All structural isomers are presented in the form of structural formulas and named according to the IUPAC nomenclature. For example, the composition C 4 H 8 O corresponds to structural isomers:

A)with different carbon skeleton

unbranched C-chain - CH 3 -CH 2 -CH 2 -CH=O (butanal, aldehyde) and

branched C-chain -

(2-methylpropanal, aldehyde) or

cycle - (cyclobutanol, cyclic alcohol);

b)with different position of the functional group

butanone-2, ketone;

V)with different composition of the functional group

3-butenol-2, unsaturated alcohol;

G)metamerism

A heteroatom functional group may be included in a carbon skeleton (cycle or chain). One of the possible isomers of this type of isomerism is CH 3 -O-CH 2 -CH=CH 2 (3-methoxypropene-1, ether);

d)tautomerism (keto-enol)

enol form keto form

Tautomers are in dynamic equilibrium, with the more stable form, the keto form, predominating in the mixture.

For aromatic compounds, structural isomerism is considered only for the side chain.

2. Spatial isomerism (stereoisomerism)

Spatial isomers have the same chemical structure and differ in the spatial arrangement of atoms in the molecule. This difference creates a difference in physical and chemical properties. Spatial isomers are depicted in the form of various projections or stereochemical formulas.
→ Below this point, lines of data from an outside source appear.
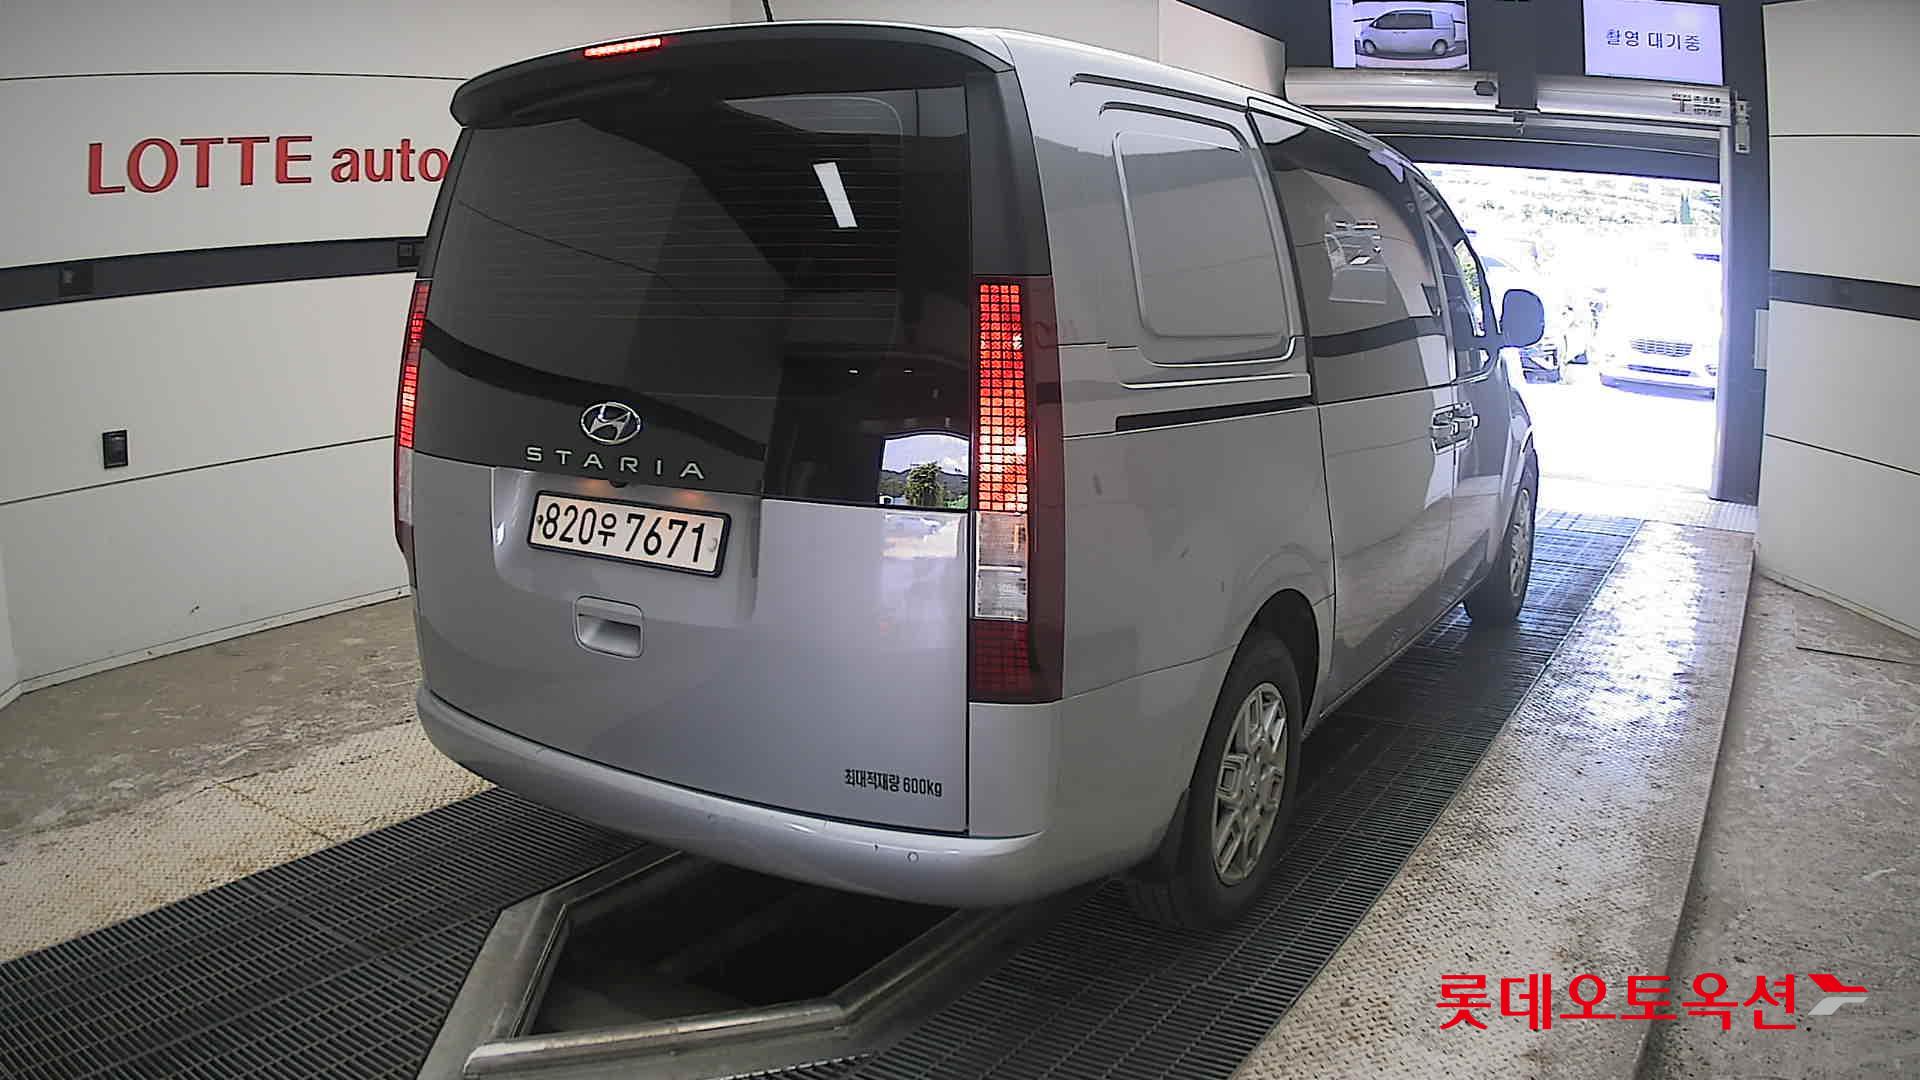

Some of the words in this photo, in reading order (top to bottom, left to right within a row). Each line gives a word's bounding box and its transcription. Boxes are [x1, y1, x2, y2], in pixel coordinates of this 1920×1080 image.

[1648, 32, 1701, 51] 대기중
[88, 135, 313, 195] LOTTE
[330, 138, 450, 183] auto
[526, 446, 705, 480] STARIA
[845, 769, 900, 792] 최대적재량
[903, 777, 942, 797] 600kg
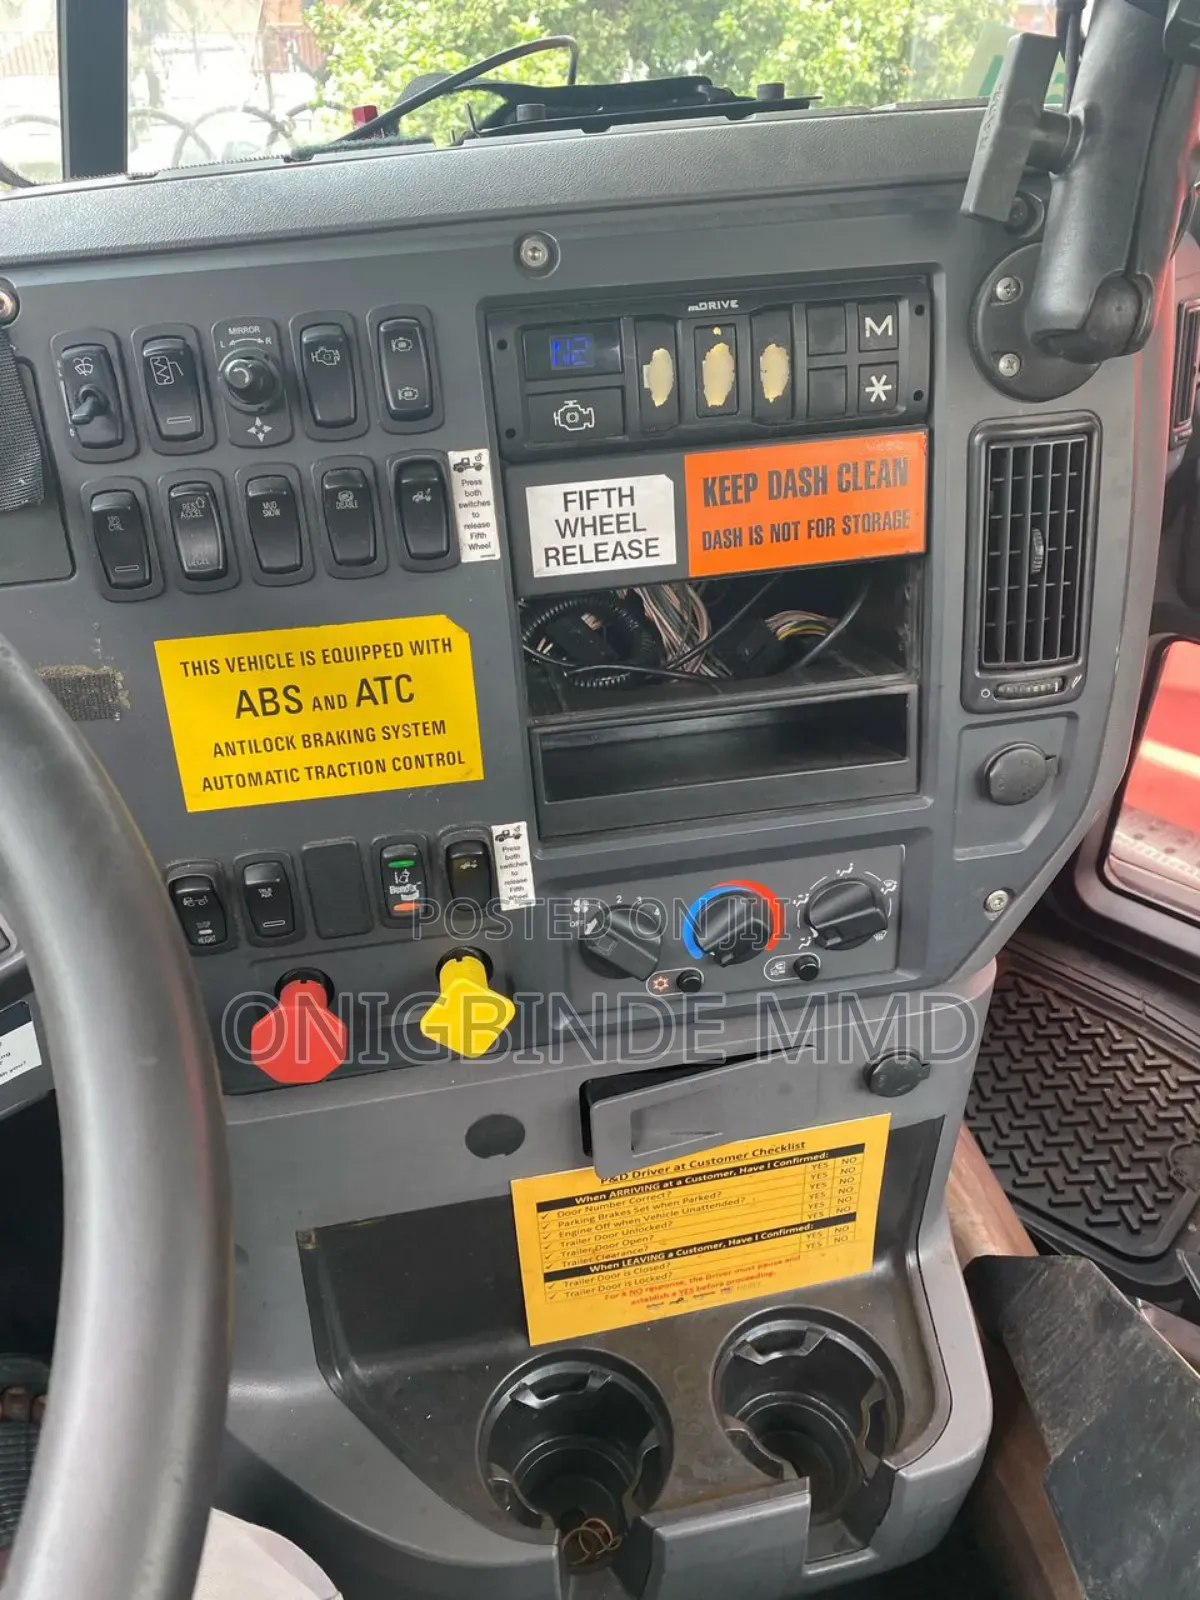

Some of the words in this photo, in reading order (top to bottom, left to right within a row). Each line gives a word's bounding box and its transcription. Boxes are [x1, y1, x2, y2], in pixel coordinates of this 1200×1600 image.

[219, 340, 226, 348] L
[265, 336, 272, 345] R
[228, 325, 260, 335] MIRROR
[865, 315, 893, 337] M
[461, 479, 482, 487] Press
[563, 485, 635, 513] FIFTH
[703, 473, 758, 508] KEEP
[768, 465, 829, 501] DASH
[837, 456, 909, 493] CLEAN
[458, 500, 491, 509] switches
[463, 522, 491, 530] release
[469, 532, 487, 540] Fifth
[555, 515, 647, 540] WHEEL
[702, 527, 742, 551] DASH
[748, 524, 764, 545] IS
[770, 521, 800, 544] NOT
[807, 517, 836, 540] FOR
[842, 508, 911, 536] STORAGE
[468, 541, 491, 551] Wheel
[544, 537, 661, 569] RELEASE
[180, 659, 220, 677] THIS
[225, 652, 294, 673] VEHICLE
[300, 650, 316, 667] IS
[322, 642, 404, 665] EQUIPPED
[409, 637, 452, 656] WITH
[235, 684, 303, 719] ABS
[312, 694, 348, 712] AND
[356, 673, 415, 708] ATC
[212, 735, 297, 758] ANTILOCK
[301, 727, 376, 750] BRAKING
[382, 719, 447, 741] SYSTEM
[202, 767, 300, 792] AUTOMATIC
[304, 758, 387, 782] TRACTION
[391, 750, 466, 771] CONTROL
[615, 895, 622, 904] 2
[574, 1193, 607, 1205] When
[608, 1182, 661, 1201] ARRIVING
[663, 1180, 674, 1189] at
[684, 1169, 737, 1185] Customer,
[739, 1162, 765, 1174] Have
[773, 1152, 829, 1168] Confirmed:
[632, 1164, 671, 1180] Driver
[674, 1161, 686, 1171] at
[689, 1151, 748, 1168] Customer
[752, 1141, 806, 1157] Checklist
[557, 1208, 581, 1218] Door
[585, 1198, 626, 1212] Number
[629, 1190, 673, 1204] Correct?
[842, 1157, 857, 1165] NO
[558, 1216, 595, 1228] Parking
[598, 1209, 631, 1221] Brakes
[634, 1205, 650, 1213] Set
[652, 1199, 680, 1210] when
[682, 1191, 723, 1204] Parked?
[811, 1172, 828, 1180] YES
[840, 1167, 856, 1175] NO
[559, 1227, 592, 1239] Engine
[595, 1221, 612, 1231] Off
[613, 1217, 641, 1228] when
[643, 1207, 679, 1221] Vehicle
[682, 1197, 746, 1214] Unattended?
[809, 1182, 827, 1190] YES
[839, 1177, 855, 1185] NO
[560, 1237, 594, 1248] Trailer
[594, 1233, 618, 1241] Door
[622, 1221, 673, 1236] Unlocked?
[808, 1192, 826, 1200] YES
[838, 1186, 854, 1194] NO
[561, 1247, 594, 1257] Trailer
[595, 1241, 619, 1251] Door
[622, 1234, 655, 1246] Open?
[808, 1202, 825, 1210] YES
[837, 1196, 853, 1204] NO
[562, 1256, 592, 1267] Trailer
[596, 1245, 649, 1260] Clearance?
[807, 1211, 825, 1220] YES
[835, 1206, 851, 1214] NO
[589, 1263, 620, 1273] When
[622, 1253, 665, 1267] LEAVING
[676, 1241, 726, 1256] Customer,
[728, 1236, 753, 1246] Have
[761, 1223, 814, 1240] Confirmed:
[564, 1277, 594, 1288] Trailer
[597, 1273, 620, 1281] Door
[623, 1268, 631, 1276] is
[633, 1262, 671, 1274] Closed?
[806, 1231, 823, 1239] YES
[834, 1225, 850, 1234] NO
[565, 1287, 595, 1298] Trailer
[598, 1283, 621, 1291] Door
[624, 1278, 632, 1287] is
[634, 1271, 673, 1285] Locked?
[805, 1241, 823, 1250] YES
[833, 1235, 849, 1244] NO
[605, 1292, 619, 1301] For
[629, 1288, 643, 1297] NO
[689, 1275, 703, 1284] the
[705, 1269, 731, 1281] Driver
[734, 1265, 756, 1274] must
[631, 1292, 670, 1306] establish
[679, 1287, 694, 1296] YES
[696, 1281, 724, 1293] before
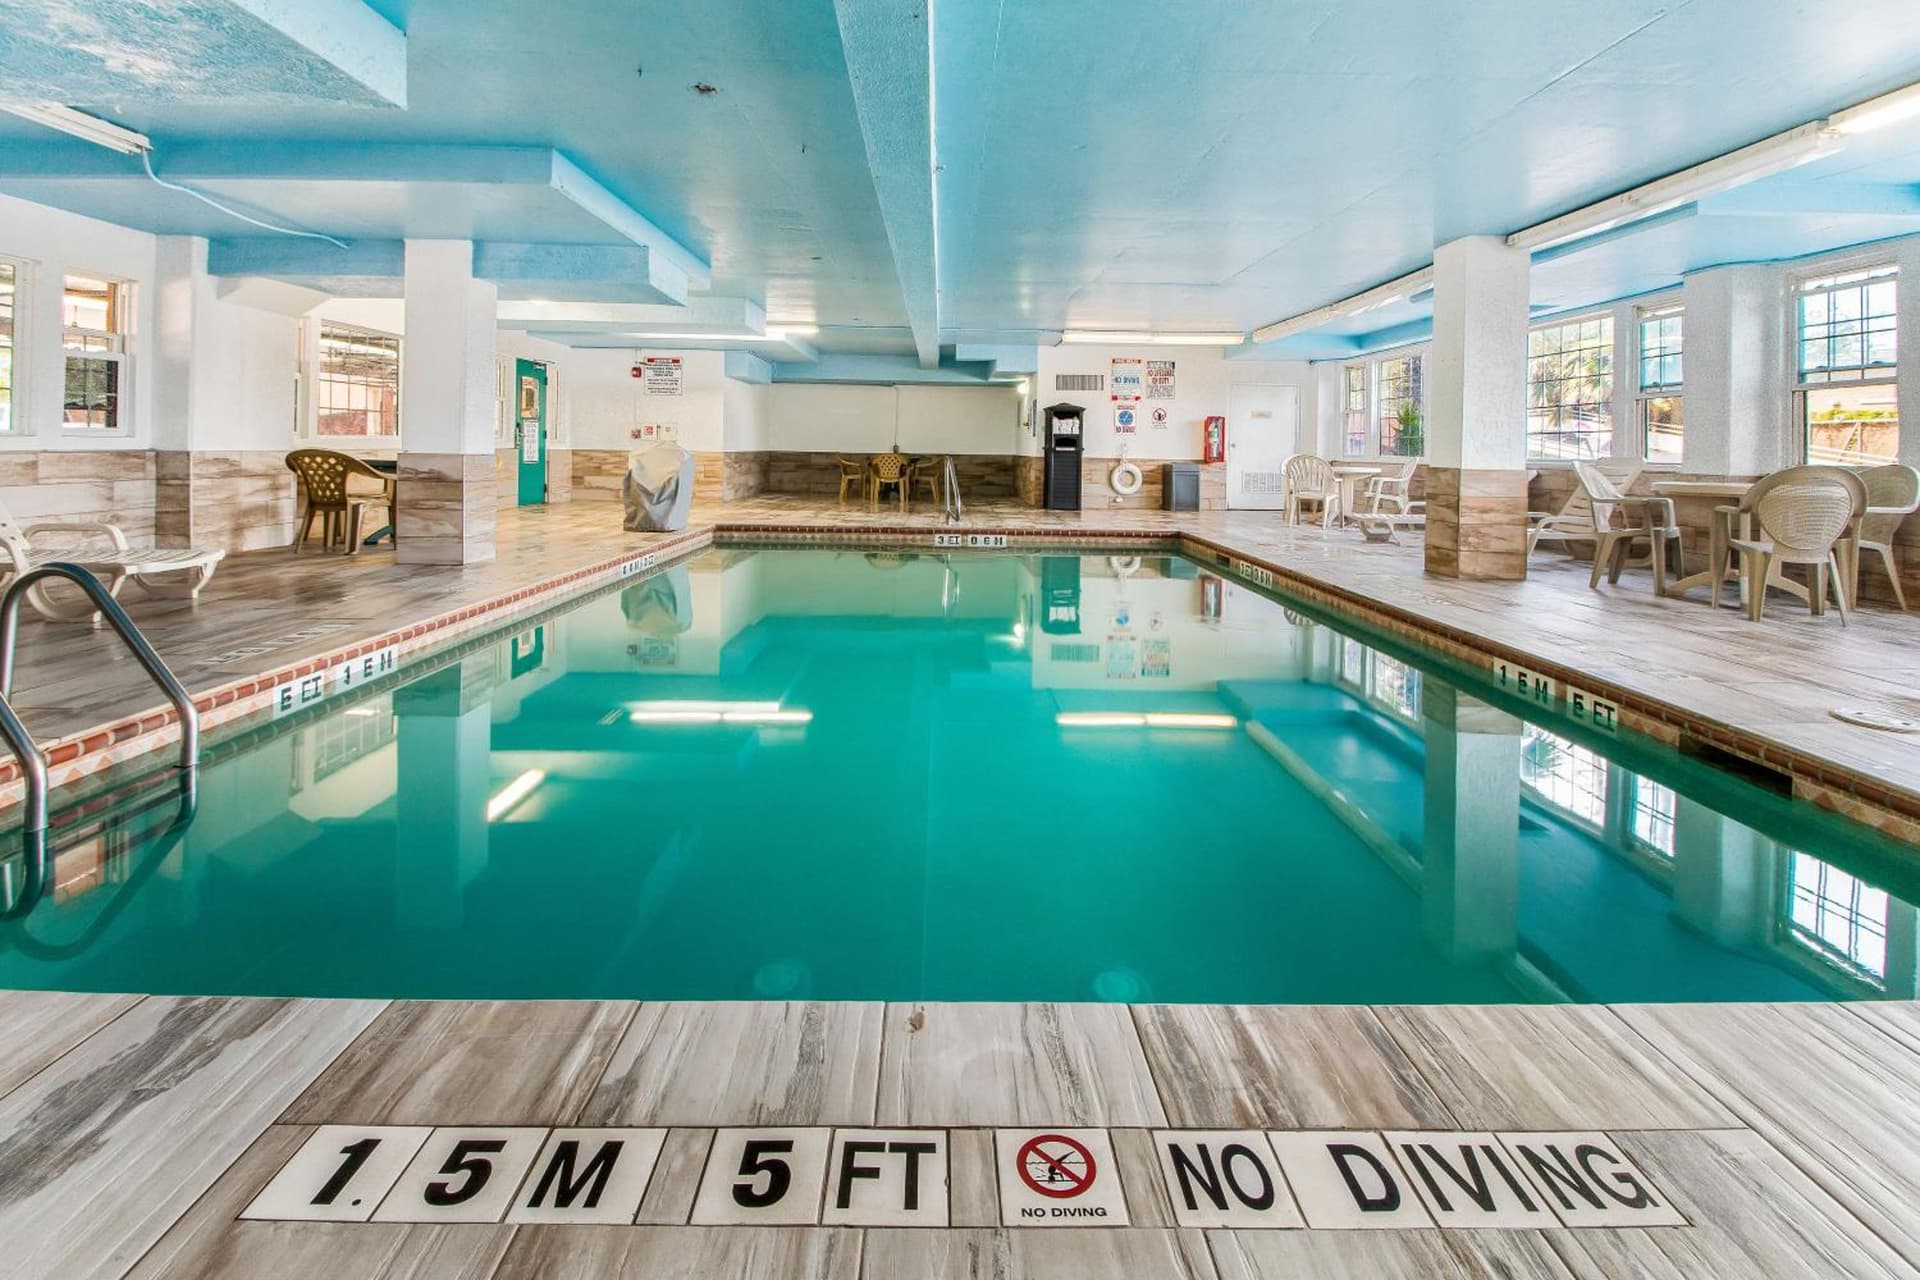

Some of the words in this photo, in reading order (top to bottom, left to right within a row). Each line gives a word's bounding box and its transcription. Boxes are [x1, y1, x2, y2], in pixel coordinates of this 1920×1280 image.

[731, 1140, 795, 1208] 5
[835, 1141, 937, 1210] FT
[1168, 1143, 1276, 1212] NO
[1326, 1143, 1660, 1211] DIVING
[1021, 1207, 1046, 1217] NO
[1051, 1207, 1107, 1217] DIVING
The branch of chemistry that studies the spatial structure and its influence on the physical and chemical properties of compounds, on the direction and rate of their reactions, is called stereochemistry.

A)Conformational (rotational) isomerism

Without changing either bond angles or bond lengths, one can imagine many geometric shapes (conformations) of the molecule, differing from each other in the mutual rotation of carbon tetrahedra around the σ-C-C bond connecting them. As a result of this rotation, rotary isomers (conformers) arise. The energy of different conformers is not the same, but the energy barrier separating different conformational isomers is small for most organic compounds. Therefore, under ordinary conditions, as a rule, it is impossible to fix molecules in one strictly defined conformation. Typically, several conformational isomers easily transform into each other coexist in equilibrium.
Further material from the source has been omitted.